╭─ GIVEN ENTRIES

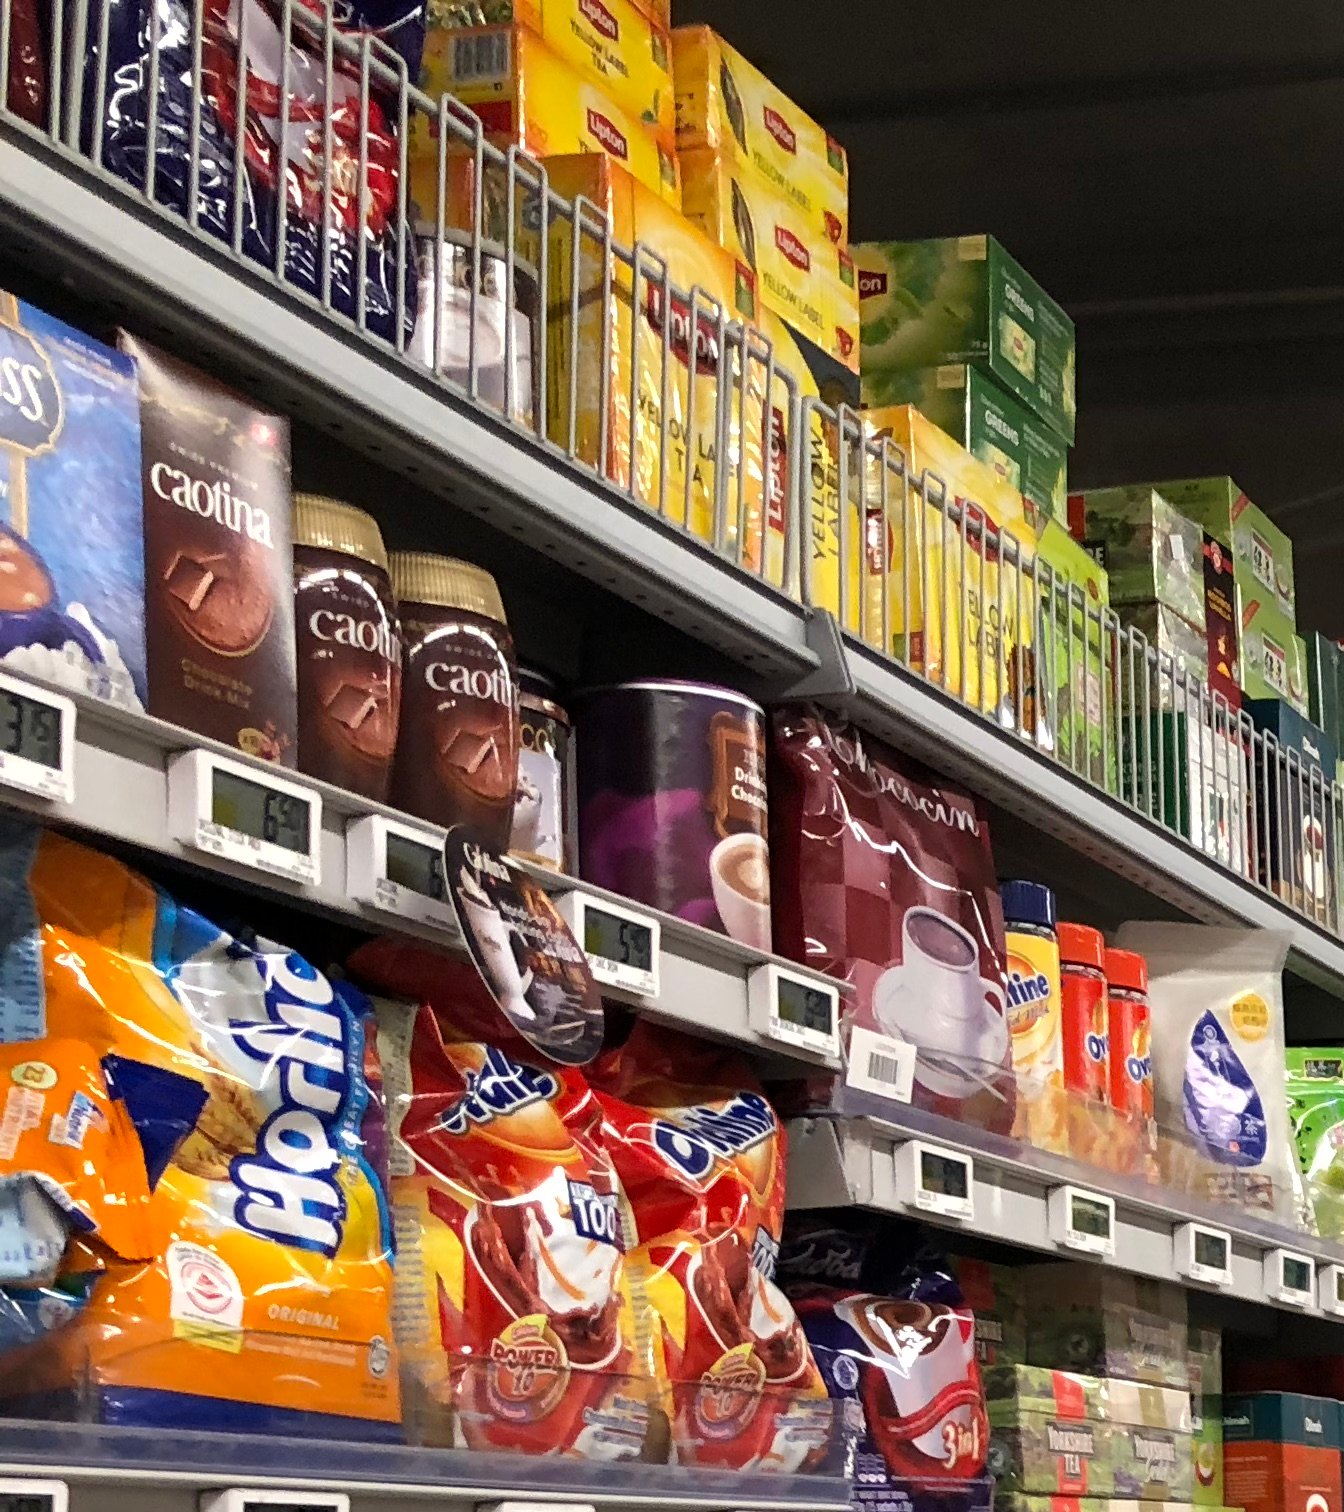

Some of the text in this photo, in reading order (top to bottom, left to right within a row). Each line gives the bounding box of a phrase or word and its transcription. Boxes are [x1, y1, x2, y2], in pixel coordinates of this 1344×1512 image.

[590, 110, 626, 157] Lipton
[764, 110, 796, 153] Lipton
[752, 150, 786, 191] YELLOW
[776, 229, 810, 269] Lipton
[763, 272, 825, 330] YELLOW LABEL
[150, 461, 274, 550] caotina
[1006, 972, 1049, 1008] tine
[267, 1303, 340, 1332] ORIGINAL
[490, 1340, 558, 1373] POWER
[1063, 1454, 1082, 1479] TEA
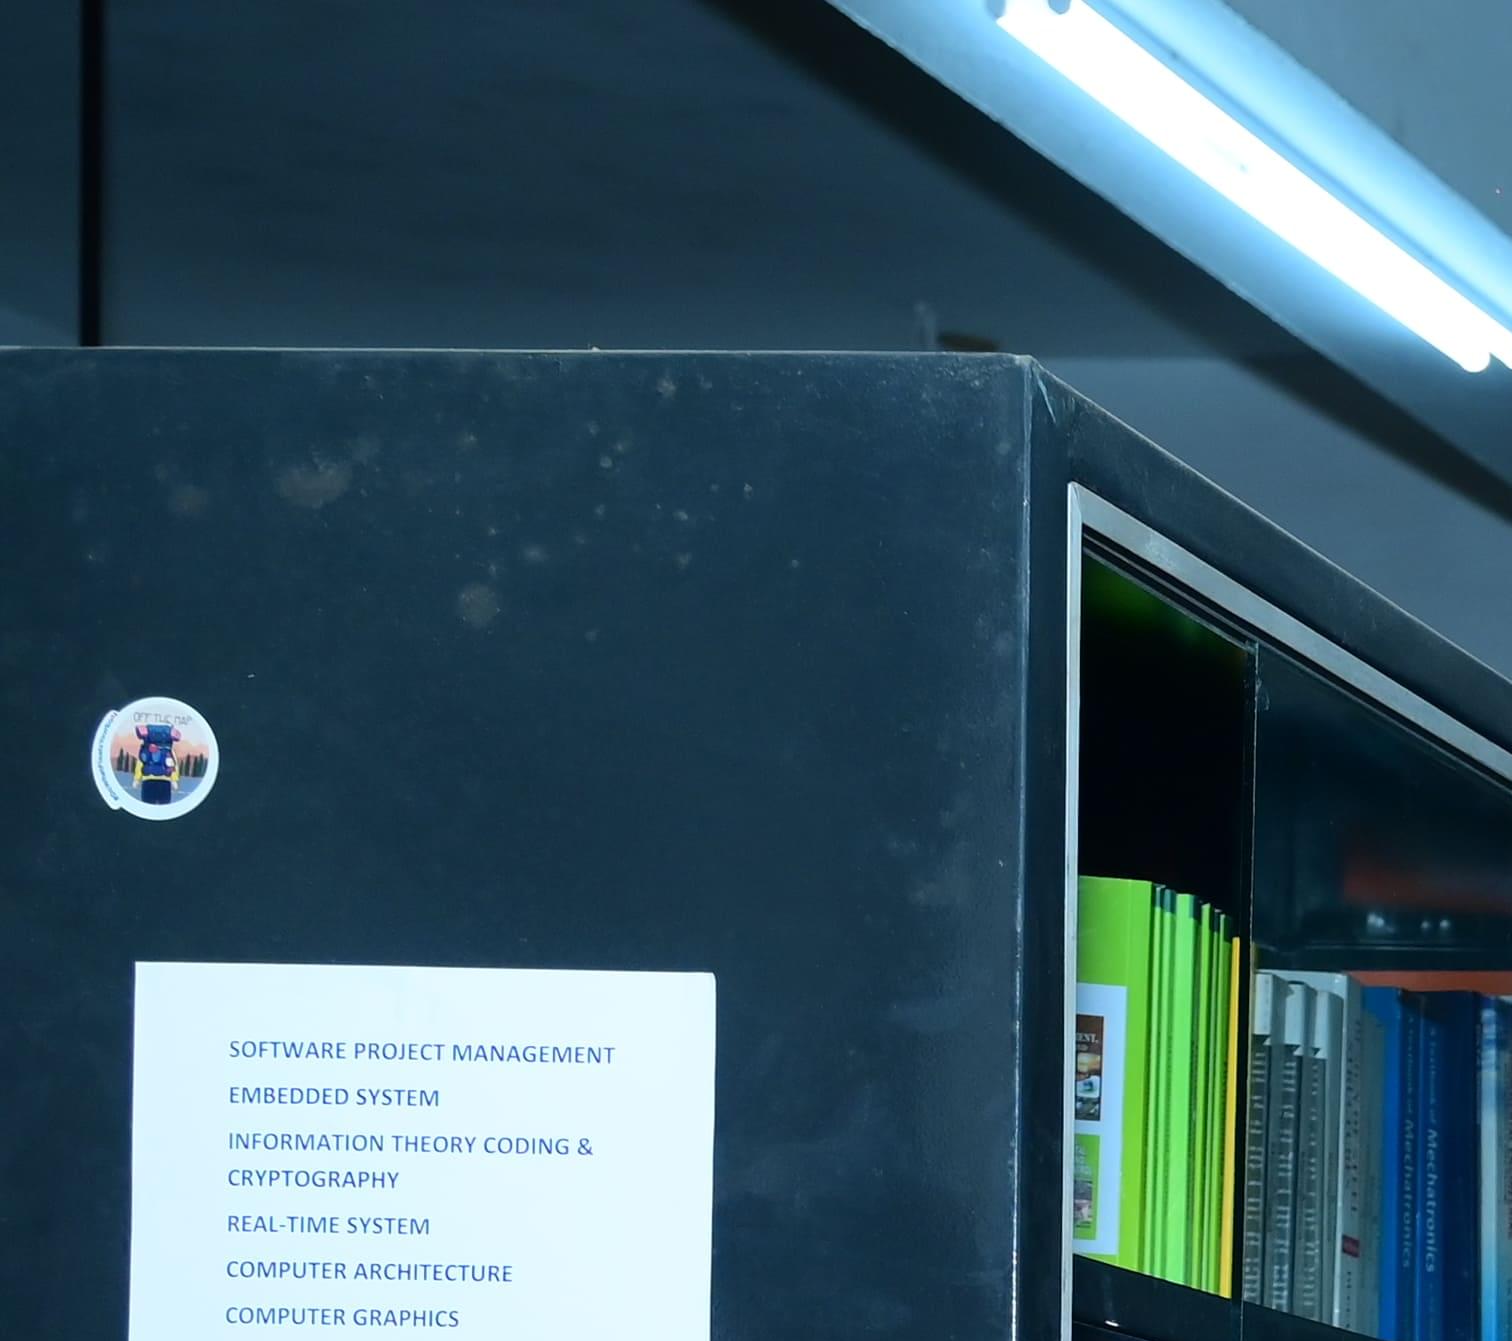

╰─

=== EXERCISE AIM ===
Omitting the images, copy the listing exactly.

=== SOLUTION FOR THIS PROBLEM ===
Some of the text in this photo, in reading order (top to bottom, left to right within a row). Each line gives the bounding box of a phrase or word and its transcription. Boxes are [x1, y1, x2, y2], in pixel coordinates of this 1344×1512 image.

[590, 110, 626, 157] Lipton
[764, 110, 796, 153] Lipton
[752, 150, 786, 191] YELLOW
[776, 229, 810, 269] Lipton
[763, 272, 825, 330] YELLOW LABEL
[150, 461, 274, 550] caotina
[1006, 972, 1049, 1008] tine
[267, 1303, 340, 1332] ORIGINAL
[490, 1340, 558, 1373] POWER
[1063, 1454, 1082, 1479] TEA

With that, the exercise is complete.